TASK REQUIREMENTS
Copy all records verbatim, images excluded.

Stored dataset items
========================

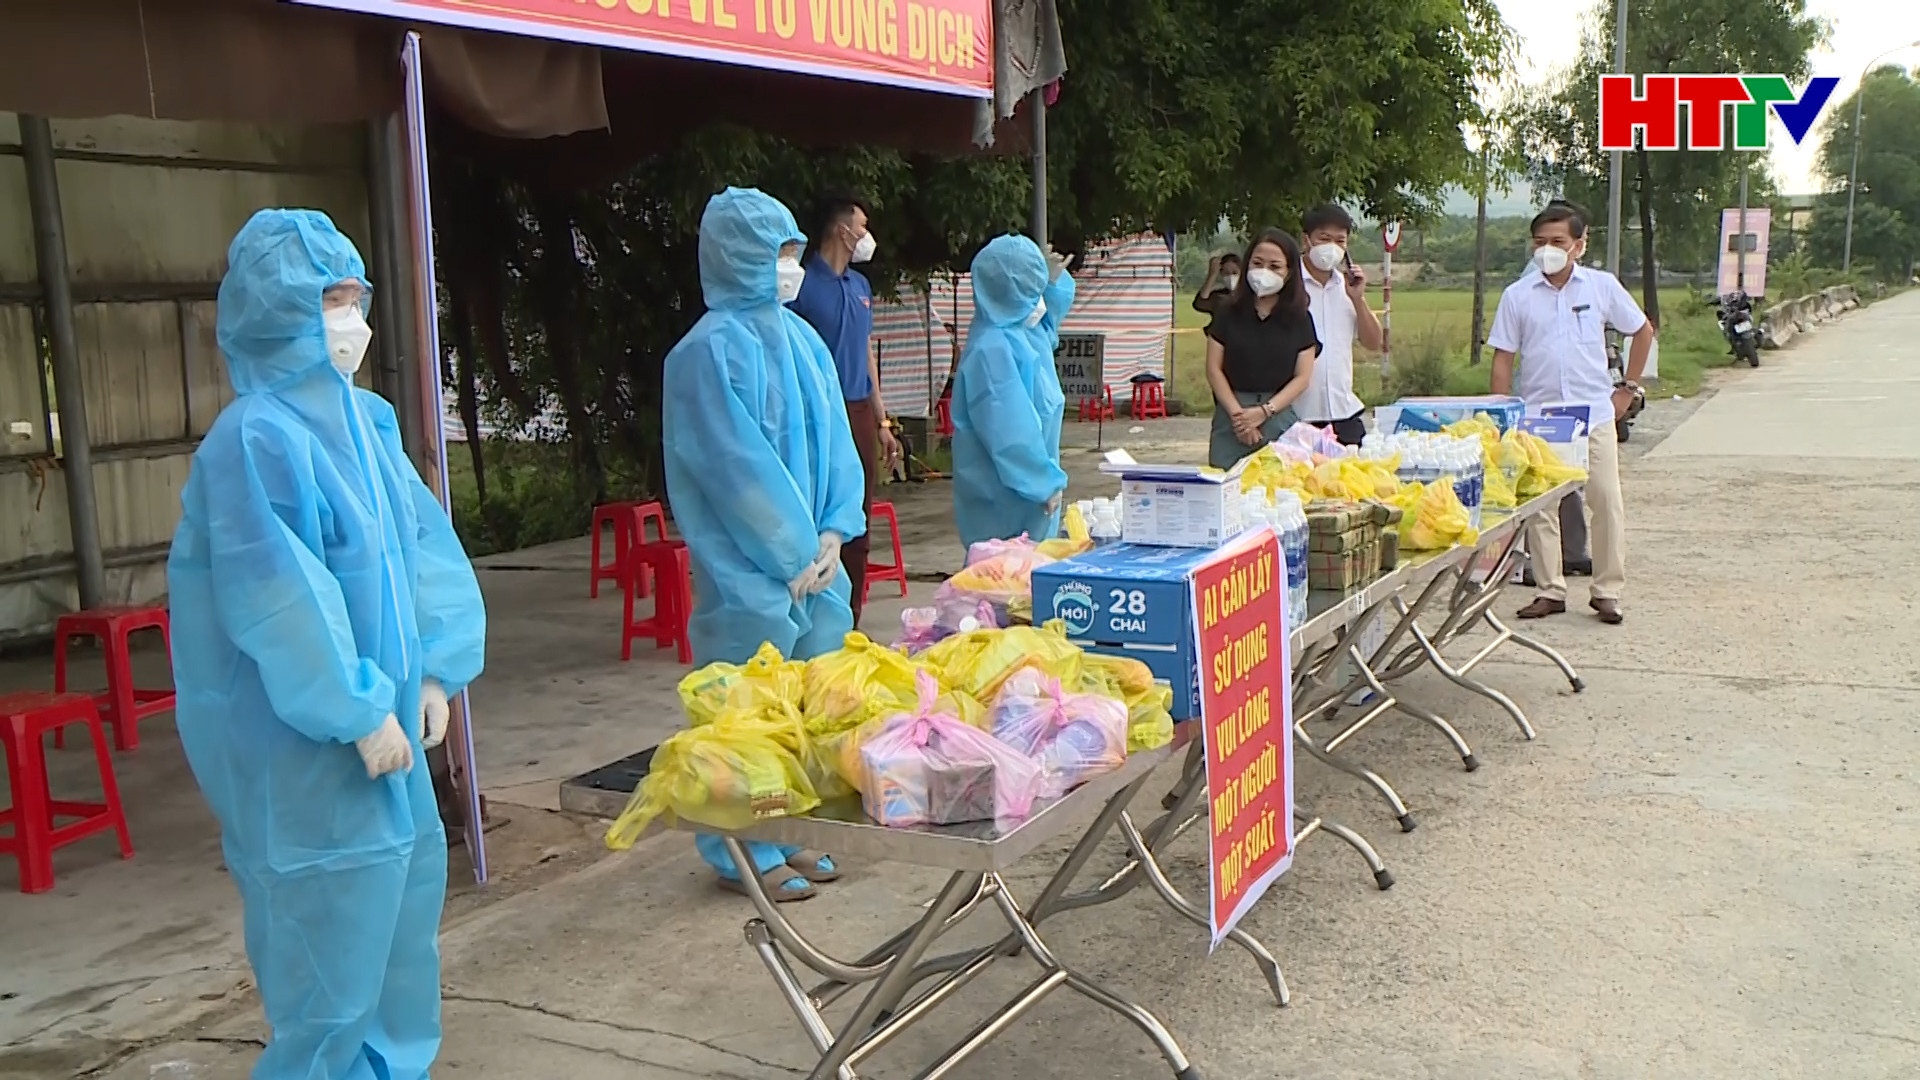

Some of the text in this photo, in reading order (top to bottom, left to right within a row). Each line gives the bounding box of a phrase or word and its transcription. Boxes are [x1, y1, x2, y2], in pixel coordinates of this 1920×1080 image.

[907, 1, 974, 75] DỊCH
[1109, 588, 1147, 616] 28
[1203, 584, 1218, 631] AI
[1249, 542, 1272, 601] LẤY
[1110, 618, 1147, 633] CHAI
[1213, 634, 1233, 695] SỬ
[1234, 622, 1268, 681] DỤNG
[1215, 686, 1270, 763] VUI LÒNG
[1214, 740, 1277, 837] MỘT NGƯỜI
[1220, 802, 1275, 901] MỘT SUẤT
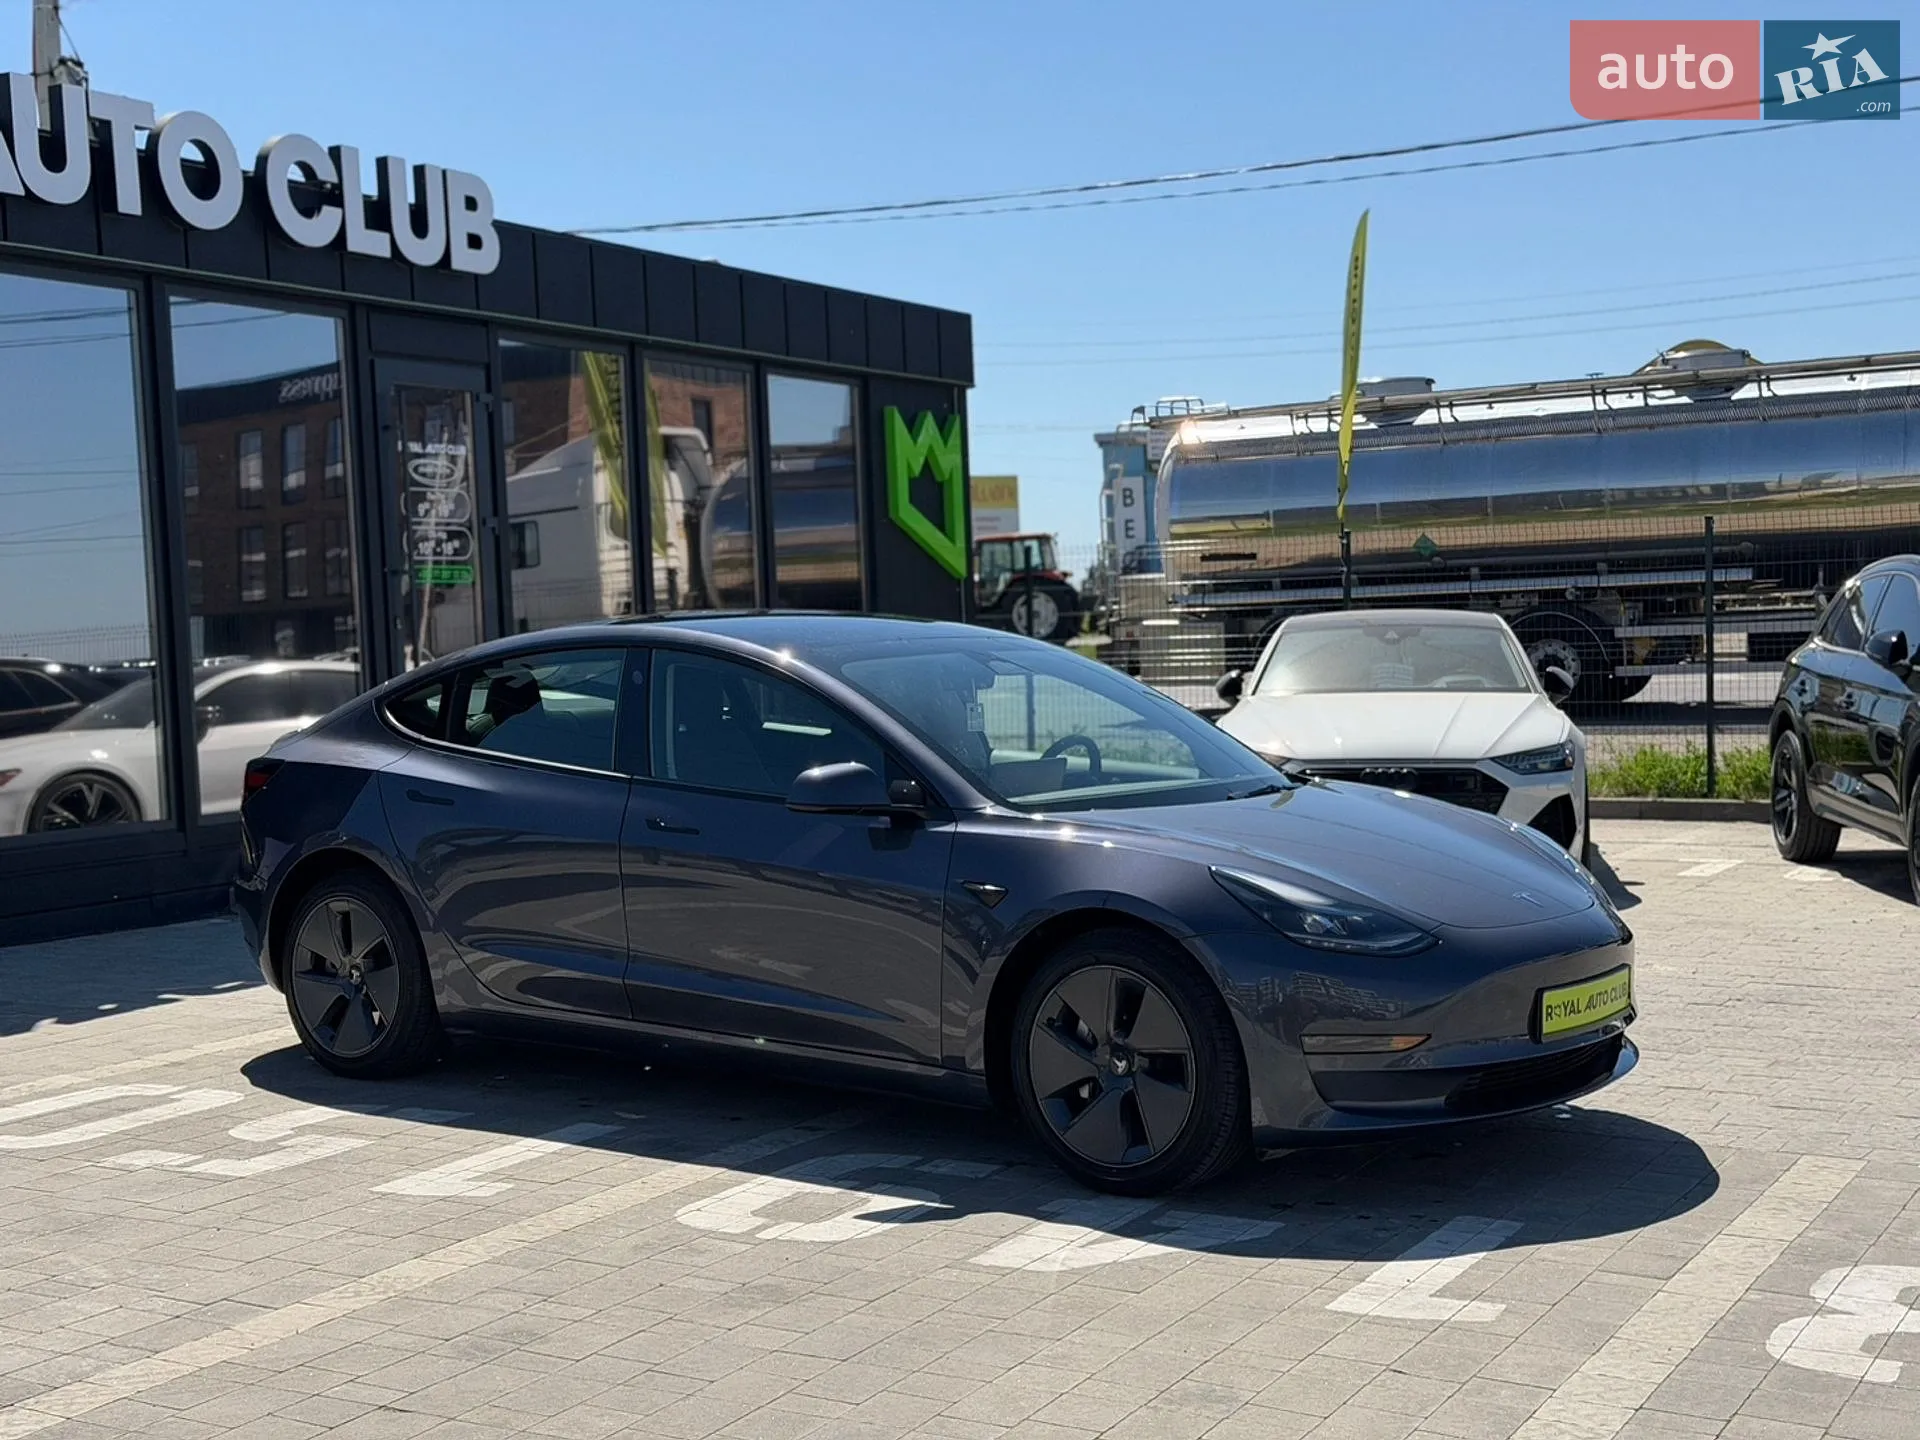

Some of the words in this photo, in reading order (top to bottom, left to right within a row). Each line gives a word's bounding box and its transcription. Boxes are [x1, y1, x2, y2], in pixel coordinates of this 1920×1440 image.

[256, 133, 500, 275] CLUB
[1583, 990, 1610, 1012] AUTO
[1609, 981, 1628, 1004] CLUB
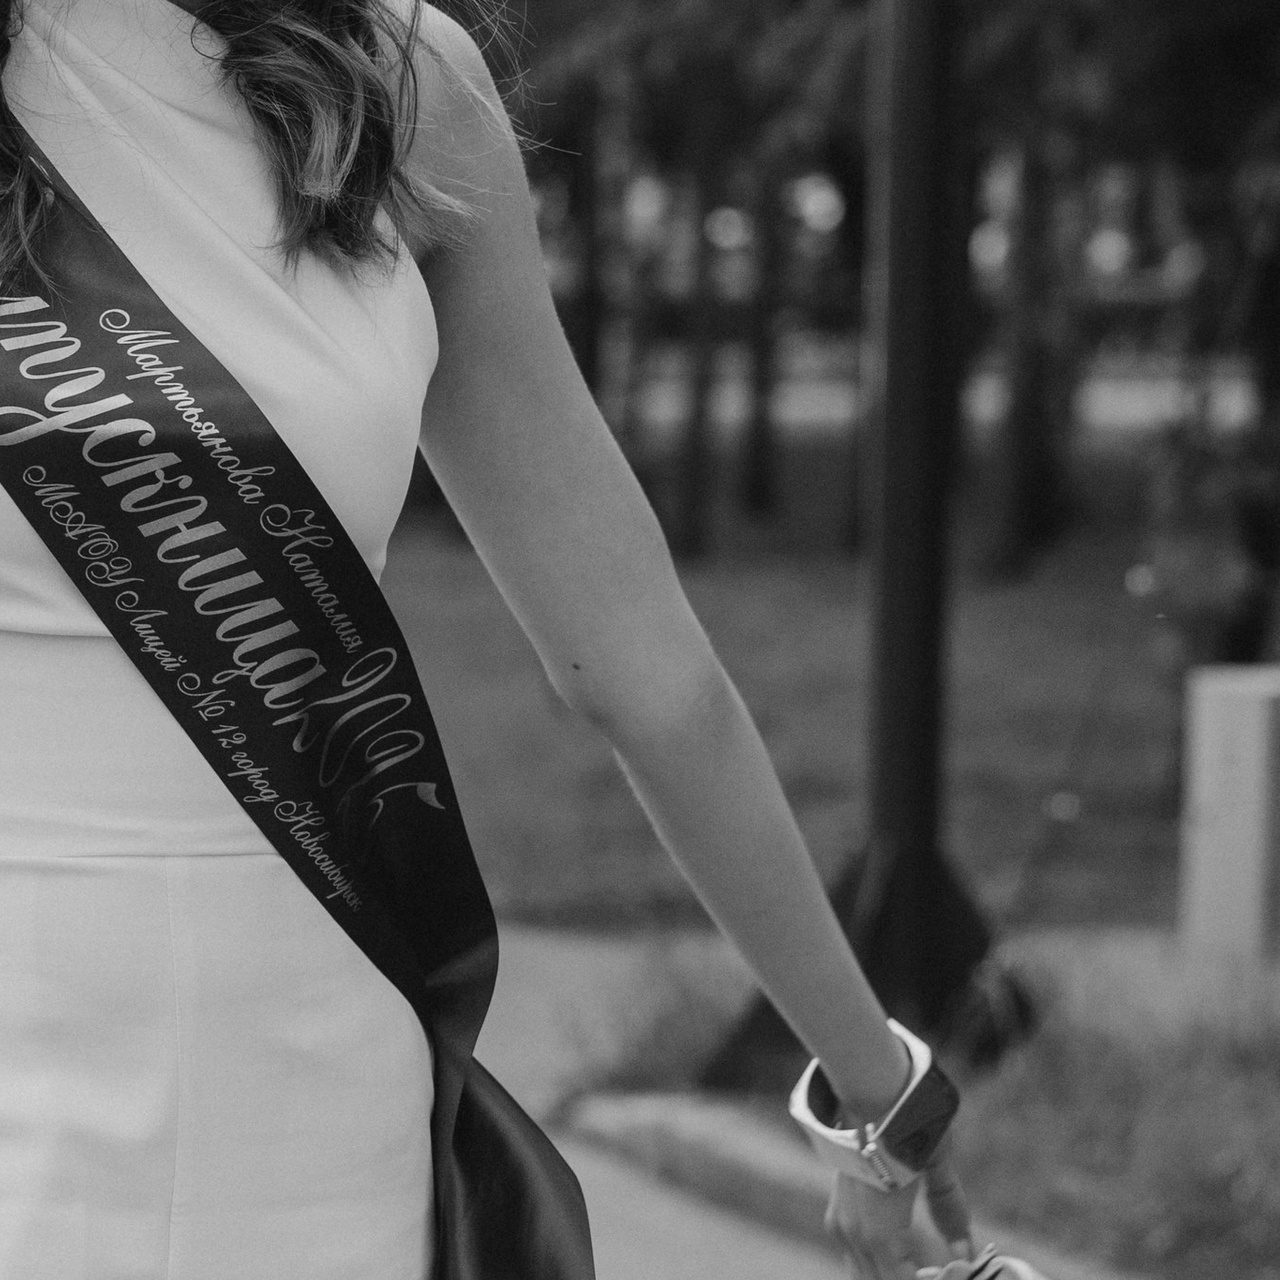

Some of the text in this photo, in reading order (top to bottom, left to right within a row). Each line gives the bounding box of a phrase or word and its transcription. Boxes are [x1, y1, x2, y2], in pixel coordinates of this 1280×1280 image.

[98, 308, 364, 654] Мартьянова Наталия
[21, 464, 145, 588] МАОУ
[114, 589, 188, 672] Лицей
[211, 723, 247, 750] 12
[226, 750, 280, 804] город
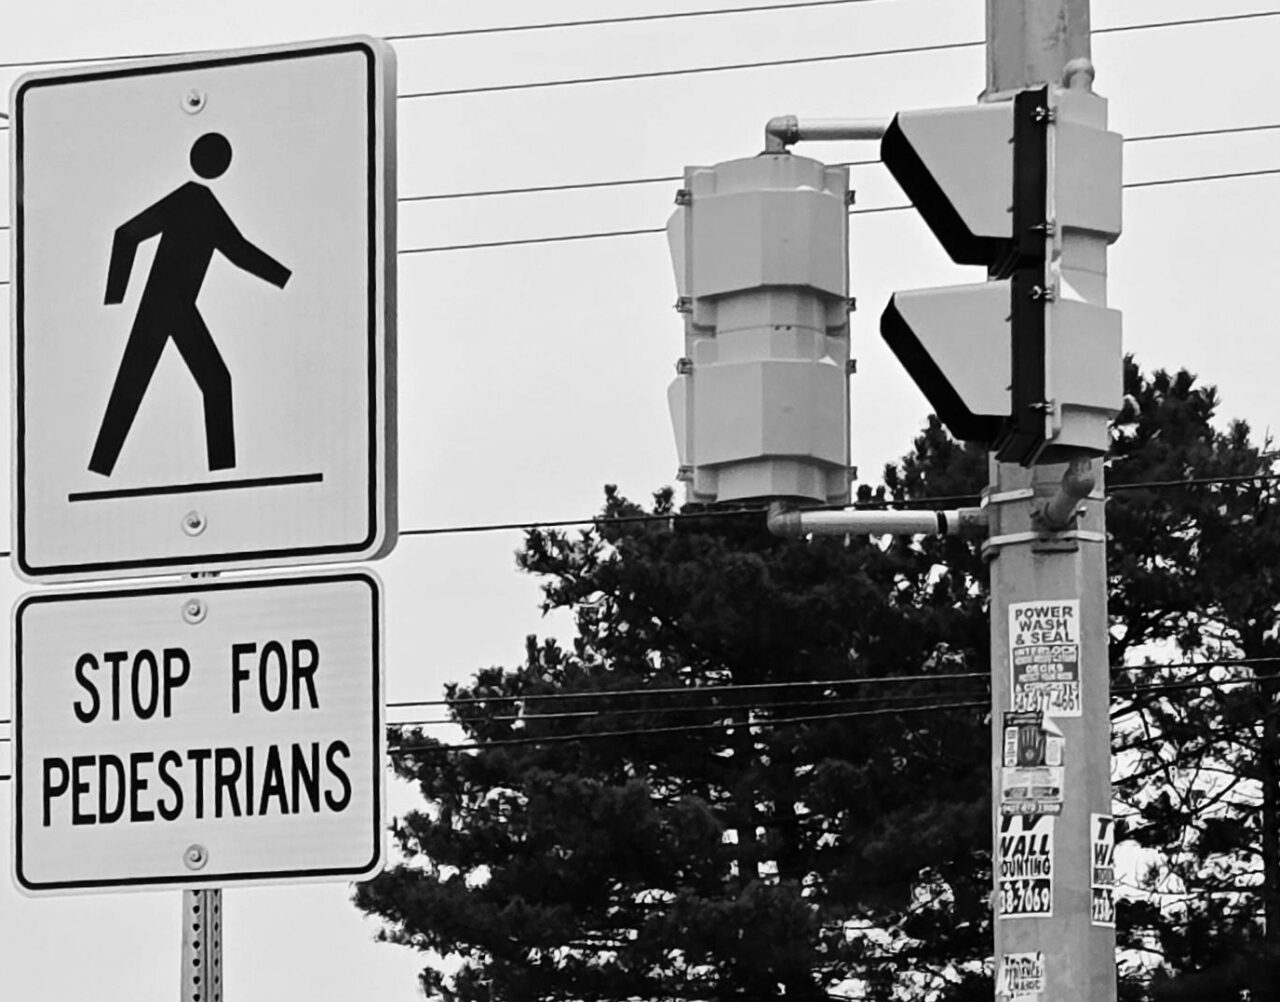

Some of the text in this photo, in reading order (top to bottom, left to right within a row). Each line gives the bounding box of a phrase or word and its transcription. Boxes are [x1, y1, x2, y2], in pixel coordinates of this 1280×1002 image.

========================

WRITTEN REPLY
Some of the text in this photo, in reading order (top to bottom, left to right within a row). Each line gives the bounding box of a phrase or word and its transcription. Boxes are [x1, y1, x2, y2], in pixel coordinates of this 1920×1080 image.

[907, 1, 974, 75] DỊCH
[1109, 588, 1147, 616] 28
[1203, 584, 1218, 631] AI
[1249, 542, 1272, 601] LẤY
[1110, 618, 1147, 633] CHAI
[1213, 634, 1233, 695] SỬ
[1234, 622, 1268, 681] DỤNG
[1215, 686, 1270, 763] VUI LÒNG
[1214, 740, 1277, 837] MỘT NGƯỜI
[1220, 802, 1275, 901] MỘT SUẤT

Some of the words in this photo, in reading order (top to bottom, left to right within a row). Each line gives a word's bounding box and its transcription. Boxes are [x1, y1, x2, y2], in pixel coordinates of this 1920×1440 image.

[256, 133, 500, 275] CLUB
[1583, 990, 1610, 1012] AUTO
[1609, 981, 1628, 1004] CLUB

Some of the text in this photo, in reading order (top to bottom, left to right within a row). Each line gives the bounding box of a phrase or word and its transcription. Boxes are [x1, y1, x2, y2], in pixel coordinates of this 1280×1280 image.

[98, 308, 364, 654] Мартьянова Наталия
[21, 464, 145, 588] МАОУ
[114, 589, 188, 672] Лицей
[211, 723, 247, 750] 12
[226, 750, 280, 804] город

Some of the text in this photo, in reading order (top to bottom, left to right within a row). Each line gives the bounding box of a phrase or word and its transcription. Boxes are [x1, y1, x2, y2], in pixel coordinates of this 1280×1002 image.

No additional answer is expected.